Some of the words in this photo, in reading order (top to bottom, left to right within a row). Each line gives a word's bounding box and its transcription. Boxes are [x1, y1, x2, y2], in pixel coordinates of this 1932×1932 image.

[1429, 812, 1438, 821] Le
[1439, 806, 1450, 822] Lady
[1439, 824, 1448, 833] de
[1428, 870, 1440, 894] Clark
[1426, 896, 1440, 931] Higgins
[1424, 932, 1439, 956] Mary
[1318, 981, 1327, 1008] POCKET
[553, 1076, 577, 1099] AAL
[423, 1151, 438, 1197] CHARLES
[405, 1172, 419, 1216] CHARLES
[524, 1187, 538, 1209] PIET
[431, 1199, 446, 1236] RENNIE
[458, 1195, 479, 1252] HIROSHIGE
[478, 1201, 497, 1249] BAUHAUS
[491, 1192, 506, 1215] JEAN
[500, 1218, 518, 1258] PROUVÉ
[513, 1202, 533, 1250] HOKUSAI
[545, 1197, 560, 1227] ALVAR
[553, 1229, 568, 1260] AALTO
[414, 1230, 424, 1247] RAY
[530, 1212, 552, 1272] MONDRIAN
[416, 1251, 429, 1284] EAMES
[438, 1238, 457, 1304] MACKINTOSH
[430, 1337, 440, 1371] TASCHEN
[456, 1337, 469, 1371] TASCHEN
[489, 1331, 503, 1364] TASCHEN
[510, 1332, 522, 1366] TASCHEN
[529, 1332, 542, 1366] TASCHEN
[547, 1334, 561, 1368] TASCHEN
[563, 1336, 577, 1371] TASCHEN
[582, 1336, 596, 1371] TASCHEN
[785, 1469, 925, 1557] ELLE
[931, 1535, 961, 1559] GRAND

__WHAT THIS TASK INVOLVES__: Set down the whole listing once more, precisely as written.

__OUTPUT__:
Some of the words in this photo, in reading order (top to bottom, left to right within a row). Each line gives a word's bounding box and its transcription. Boxes are [x1, y1, x2, y2], in pixel coordinates of this 1932×1932 image.

[1429, 812, 1438, 821] Le
[1439, 806, 1450, 822] Lady
[1439, 824, 1448, 833] de
[1428, 870, 1440, 894] Clark
[1426, 896, 1440, 931] Higgins
[1424, 932, 1439, 956] Mary
[1318, 981, 1327, 1008] POCKET
[553, 1076, 577, 1099] AAL
[423, 1151, 438, 1197] CHARLES
[405, 1172, 419, 1216] CHARLES
[524, 1187, 538, 1209] PIET
[431, 1199, 446, 1236] RENNIE
[458, 1195, 479, 1252] HIROSHIGE
[478, 1201, 497, 1249] BAUHAUS
[491, 1192, 506, 1215] JEAN
[500, 1218, 518, 1258] PROUVÉ
[513, 1202, 533, 1250] HOKUSAI
[545, 1197, 560, 1227] ALVAR
[553, 1229, 568, 1260] AALTO
[414, 1230, 424, 1247] RAY
[530, 1212, 552, 1272] MONDRIAN
[416, 1251, 429, 1284] EAMES
[438, 1238, 457, 1304] MACKINTOSH
[430, 1337, 440, 1371] TASCHEN
[456, 1337, 469, 1371] TASCHEN
[489, 1331, 503, 1364] TASCHEN
[510, 1332, 522, 1366] TASCHEN
[529, 1332, 542, 1366] TASCHEN
[547, 1334, 561, 1368] TASCHEN
[563, 1336, 577, 1371] TASCHEN
[582, 1336, 596, 1371] TASCHEN
[785, 1469, 925, 1557] ELLE
[931, 1535, 961, 1559] GRAND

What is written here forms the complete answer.